= Beginning of Section =
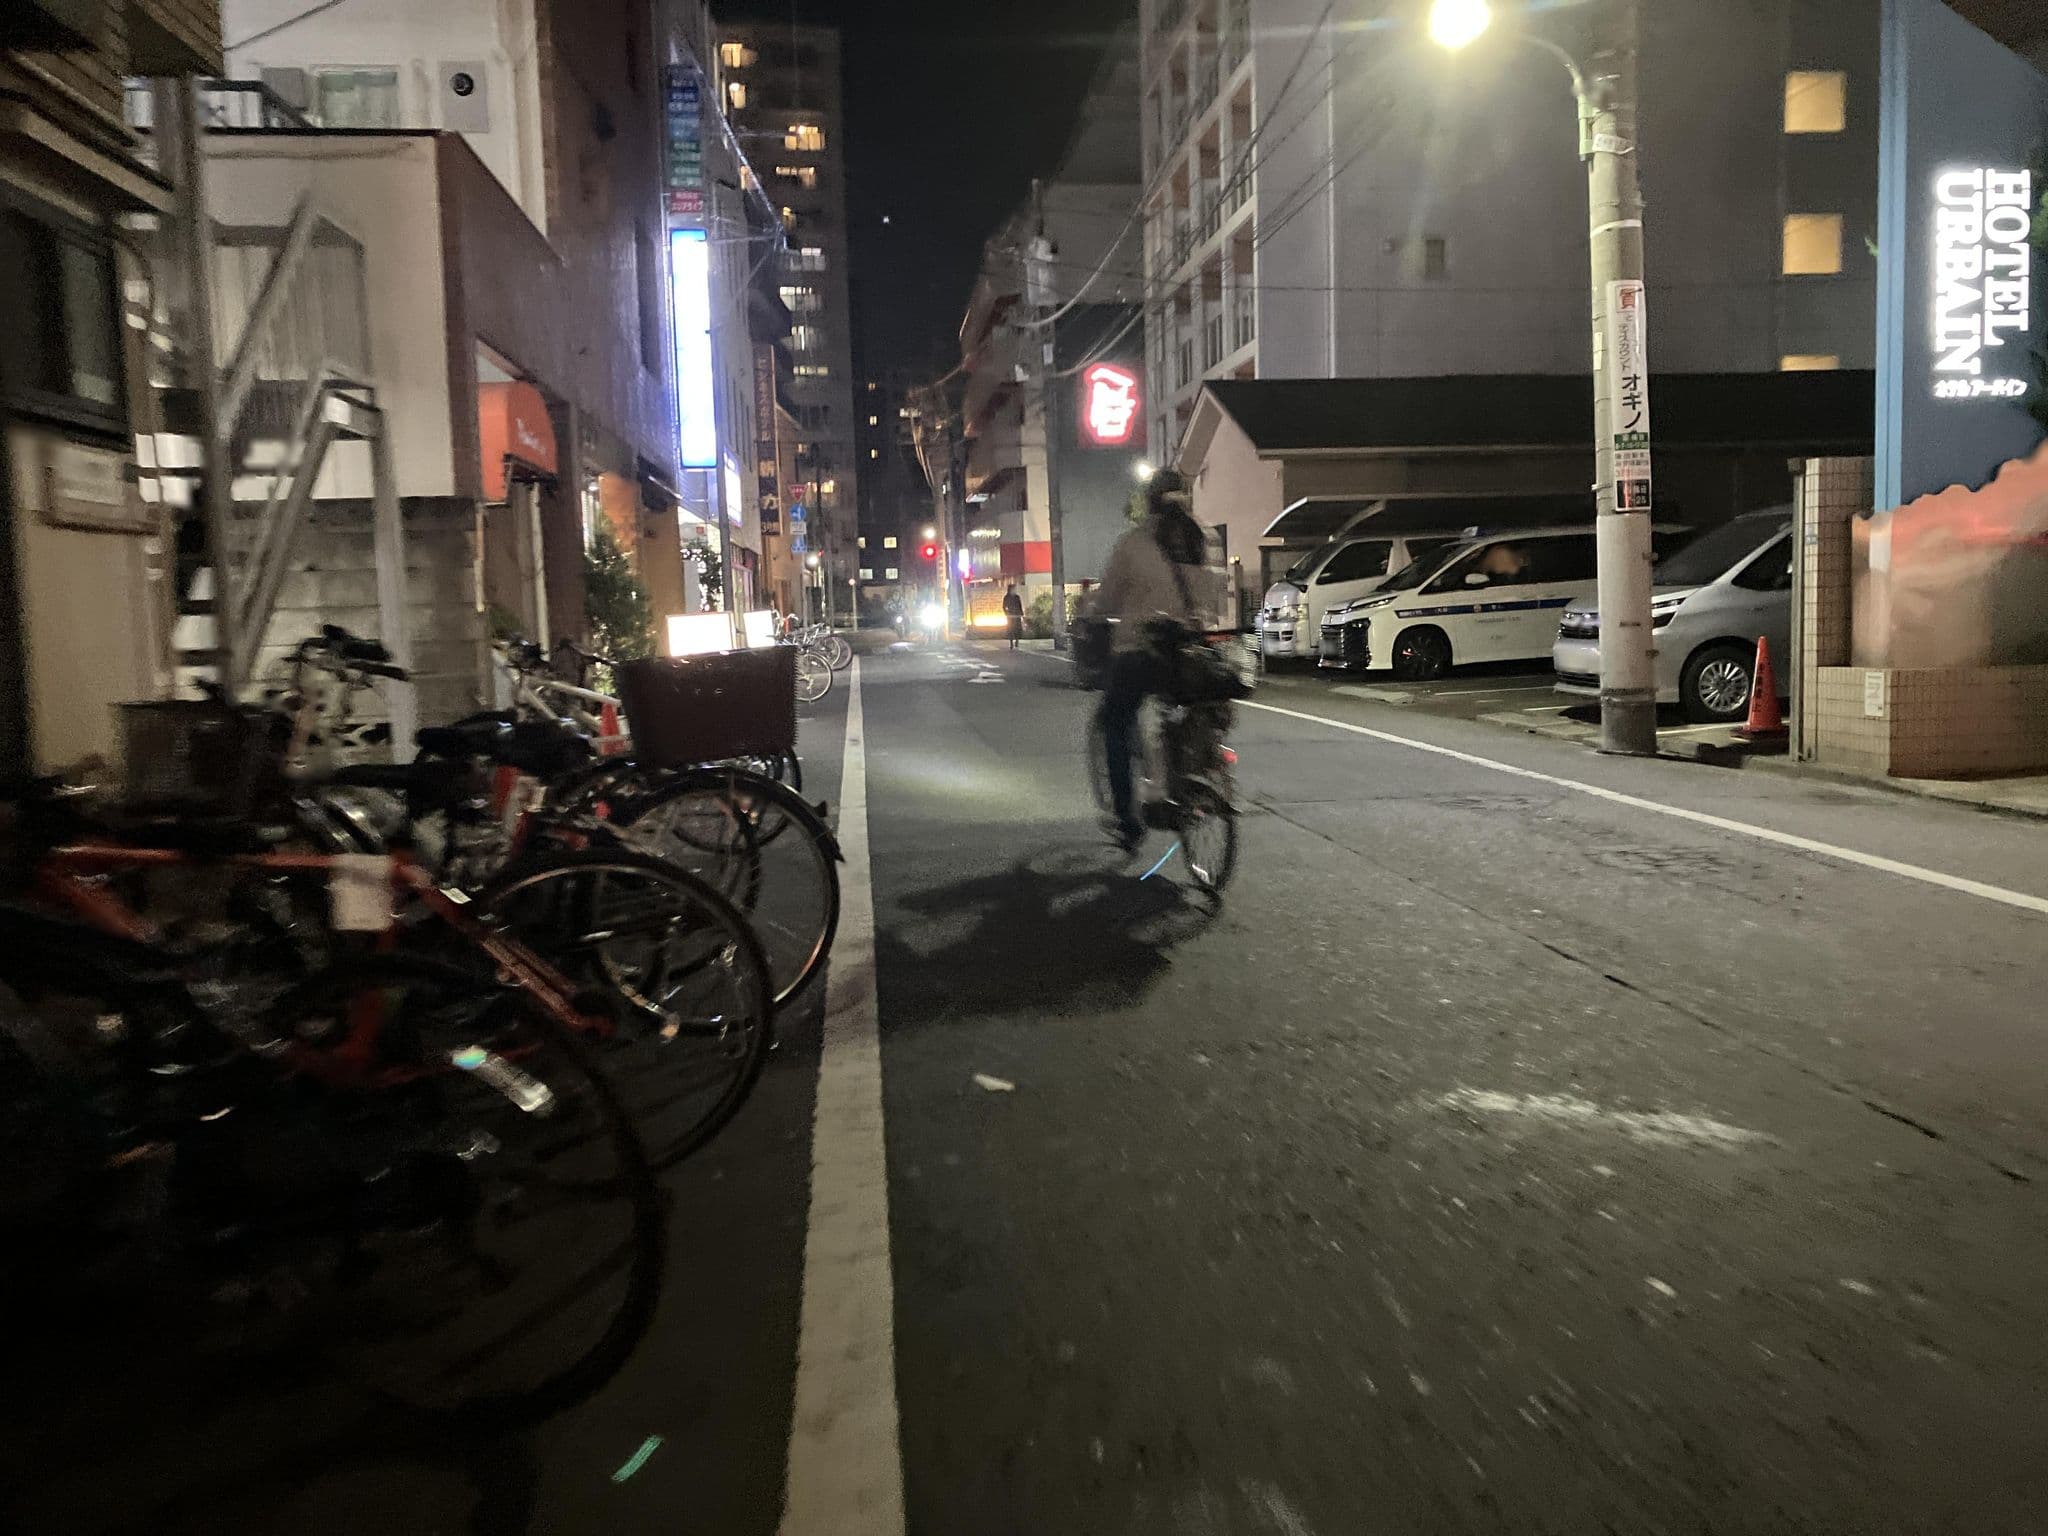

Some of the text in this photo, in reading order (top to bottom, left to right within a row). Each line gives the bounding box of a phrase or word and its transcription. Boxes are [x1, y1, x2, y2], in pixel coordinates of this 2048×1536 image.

[1936, 168, 1982, 375] URBAIN
[1984, 168, 2031, 346] HOTEL
[1621, 374, 1643, 429] オギノ
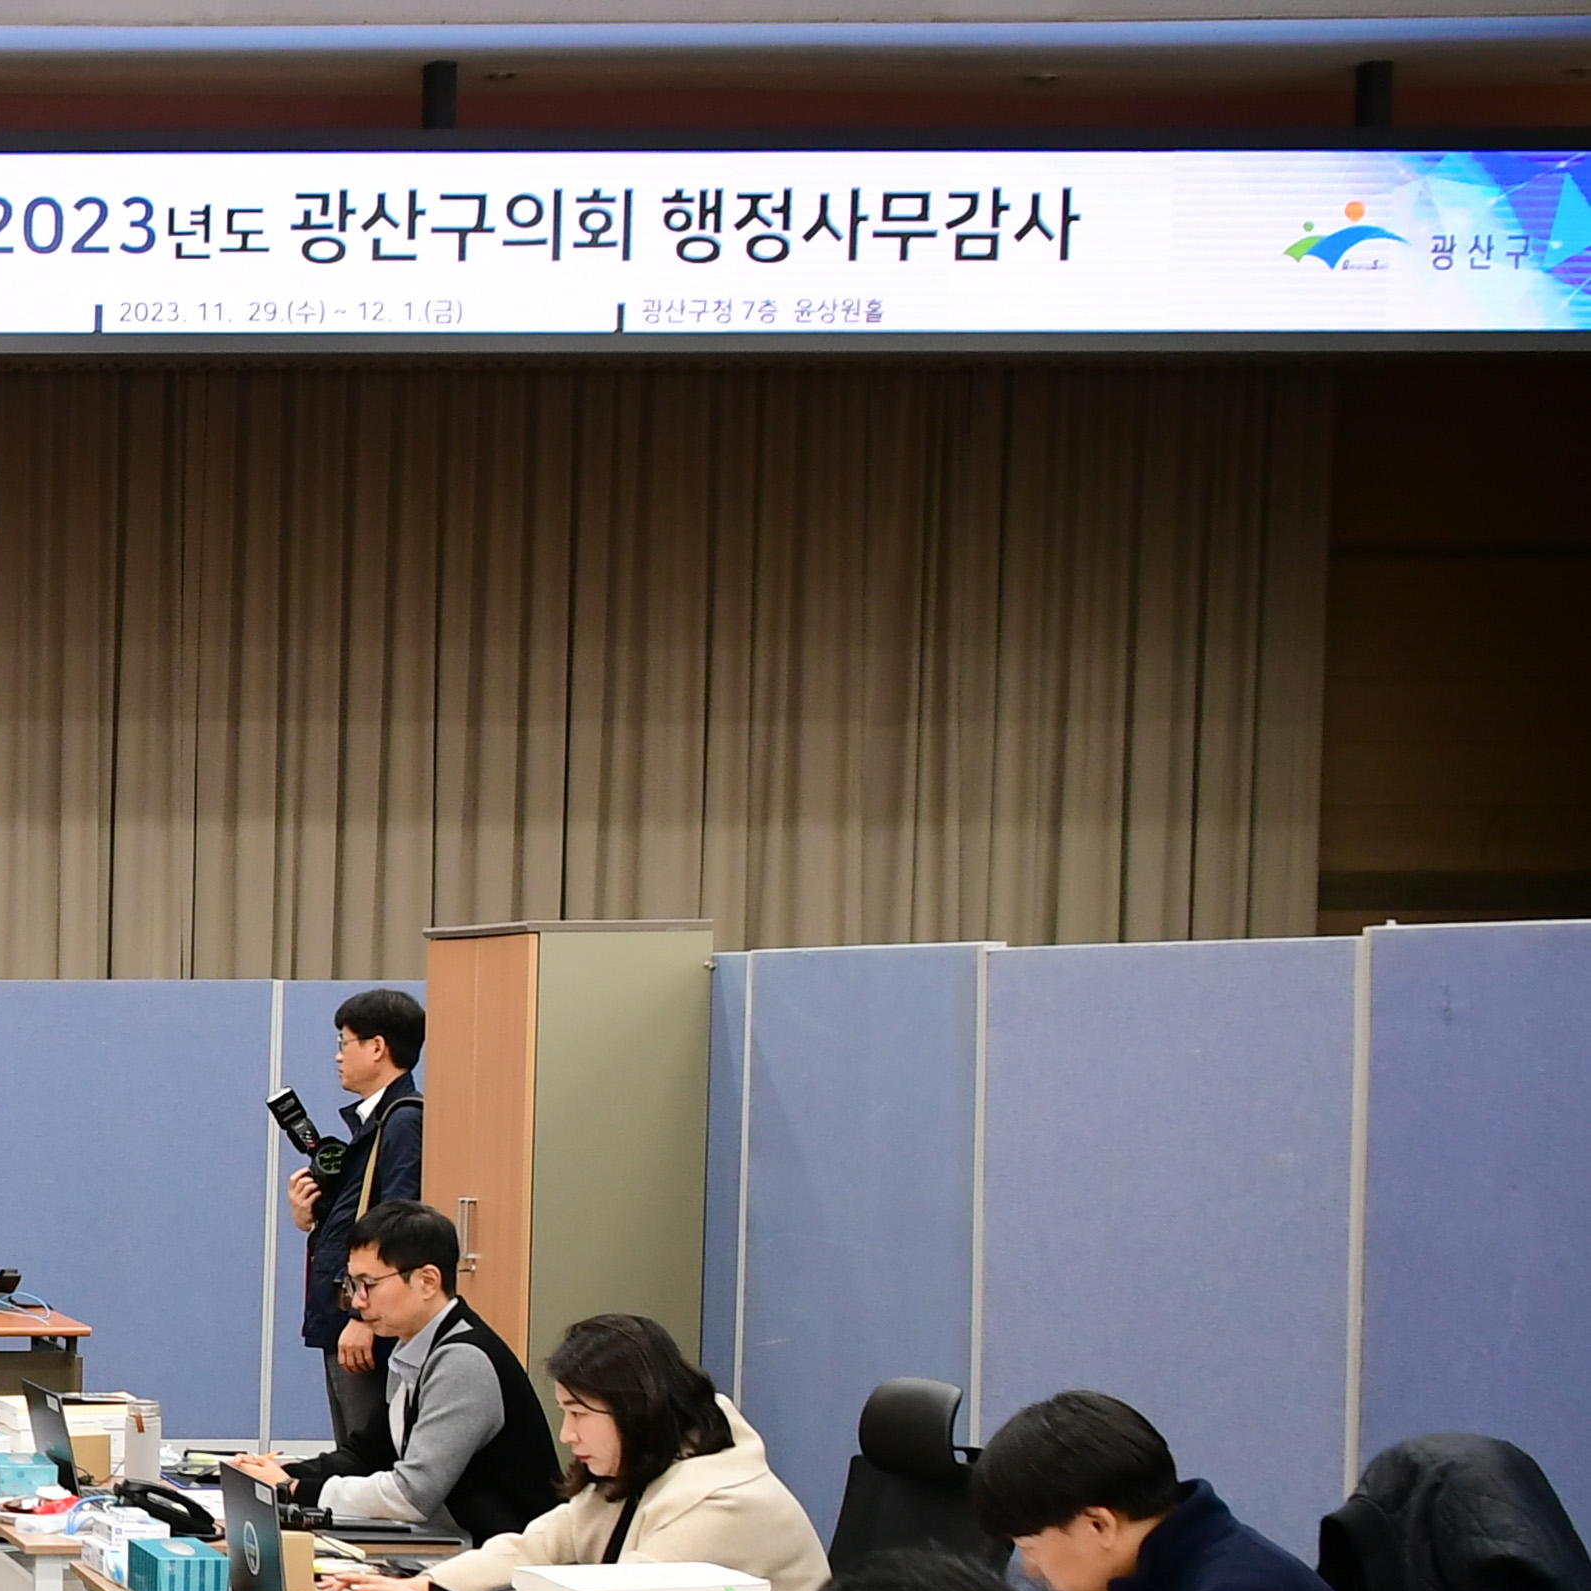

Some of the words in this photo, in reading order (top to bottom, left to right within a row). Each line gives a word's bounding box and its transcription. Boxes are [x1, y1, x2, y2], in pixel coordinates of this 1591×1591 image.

[290, 187, 634, 264] 광산구의회
[661, 186, 1082, 264] 행정사무감사
[1429, 234, 1533, 271] 광산구
[119, 301, 187, 323] 2023.
[198, 301, 232, 323] 11.
[357, 301, 392, 322] 12.
[641, 297, 734, 325] 광산구청
[742, 298, 779, 325] 7층
[793, 297, 884, 325] 윤상원홀
= End of Section =
Restate the material above word for word, so that nothing changes except that the pictures are gone.

__Final answer__.
Some of the text in this photo, in reading order (top to bottom, left to right within a row). Each line gives the bounding box of a phrase or word and its transcription. Boxes are [x1, y1, x2, y2], in pixel coordinates of this 2048×1536 image.

[1936, 168, 1982, 375] URBAIN
[1984, 168, 2031, 346] HOTEL
[1621, 374, 1643, 429] オギノ

Some of the words in this photo, in reading order (top to bottom, left to right within a row). Each line gives a word's bounding box and its transcription. Boxes are [x1, y1, x2, y2], in pixel coordinates of this 1591×1591 image.

[290, 187, 634, 264] 광산구의회
[661, 186, 1082, 264] 행정사무감사
[1429, 234, 1533, 271] 광산구
[119, 301, 187, 323] 2023.
[198, 301, 232, 323] 11.
[357, 301, 392, 322] 12.
[641, 297, 734, 325] 광산구청
[742, 298, 779, 325] 7층
[793, 297, 884, 325] 윤상원홀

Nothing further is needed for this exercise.